Evidence that the signing of the report is not necessary or that the non-signing by the parties is of no effect or the purpose of the unsigned columns, ought to have been extracted from the witness by the Appellant while he was testifying. The need for this became more compelling in the instant case as parties were clearly not ad idem in their respective pleadings and evidence adduced at the trial as to their attendance before the arbitrator and which fact the 2nd Respondent also attributed for his not signing the report. Indeed the testimony of the Appellant that after DW1 made the report, the 2nd Respondent examined the same and refused to sign it, goes a long way to show that parties were expected to sign the report if they agreed with it. If they parties were not expected to indicate their agreement in respect of Exhibit “Q” by signing it, why was it shown to them? The position of the law is that the authenticity (which means amongst others, truthfulness or legal validity) of a document which ought to have been signed but is not so signed is always in doubt. See AIKI V. IDOWU (2006) 9 NWLR (Pt. 984) 50.
Finally, the fact that there was no arbitration the parties agreed as binding on them, in the circumstances pleaded by the Appellant, is a foregone conclusion in the light of the fact that the Appellant, given his case on the pleading never took the decision in Exhibit “Q” as binding on him. This is because he never admitted any liability to the Respondents not even in the sum of N603,495.00 which as stated in Exhibit “Q”, he is to refund to the Respondents, and also in the light of his evidence at the trial, to the effect that he does not owe the 2nd Respondent N2.4 million and that he is not prepared to pay him 5% interest on the said sum.

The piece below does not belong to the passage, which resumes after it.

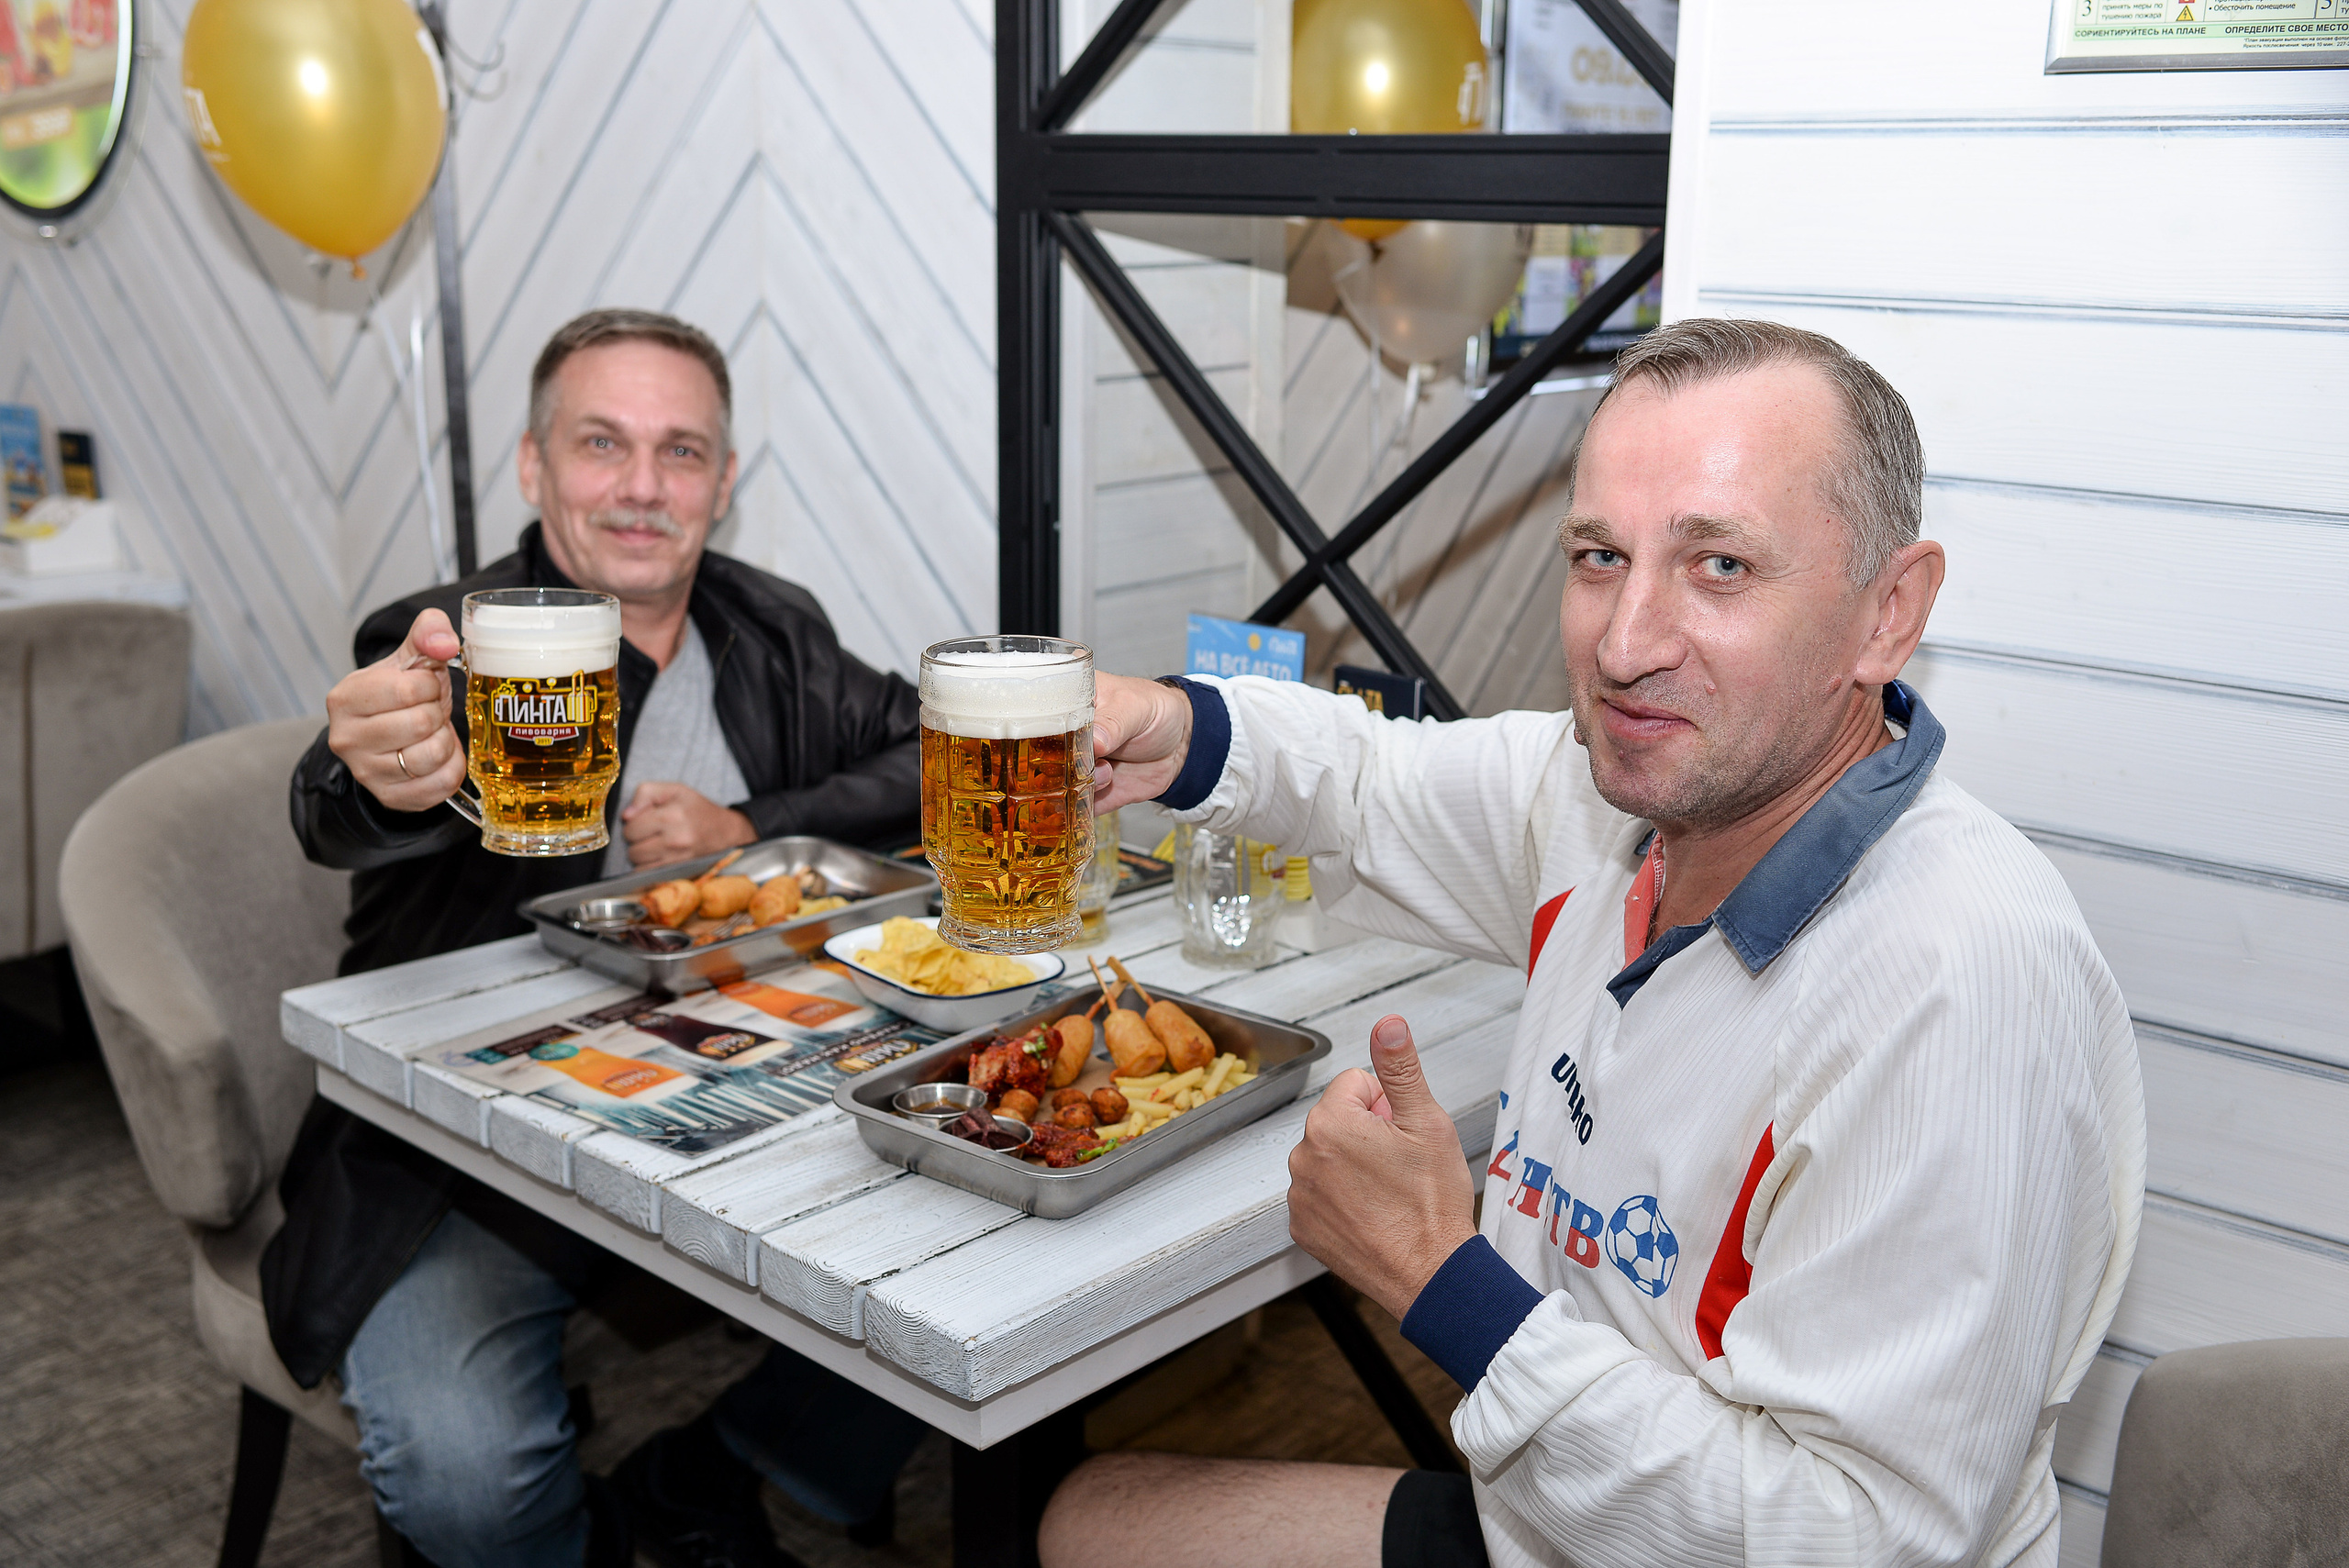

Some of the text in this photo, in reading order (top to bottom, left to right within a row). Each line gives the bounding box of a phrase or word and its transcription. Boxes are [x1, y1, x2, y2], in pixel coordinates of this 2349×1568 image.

Arbitration has been defined as a reference to the decision of one or more persons, either with or without an umpire of a particular matter in difference between the parties. Decided cases also have it, that the legal basis of all arbitration is voluntary agreement. That if there is a distinct agreement to appoint an umpire to determine the difference between the parties and other conditions are present there is arbitration.
The lower court having reviewed the evidence adduced by witnesses in the case at pages 78 – 90 of record and having also evaluated the evidence of the witnesses, thereafter, said in relation to Exhibit “O” thus at pages 94 – 95 of the record: –
Exhibit “O” was made by the defendant based on the customary arbitration of the parties (sic) kinsmen In the case of DURUAKU EKE vs UDEOZOR OKARANYIA (2001) 12 NWLR 9Pt.728) 181 at 298, Uwaifo JSC stated the elements of customary arbitration to be:-
“1. Voluntary submission of the matter in dispute to an arbitrator or (sic) one person or more persons.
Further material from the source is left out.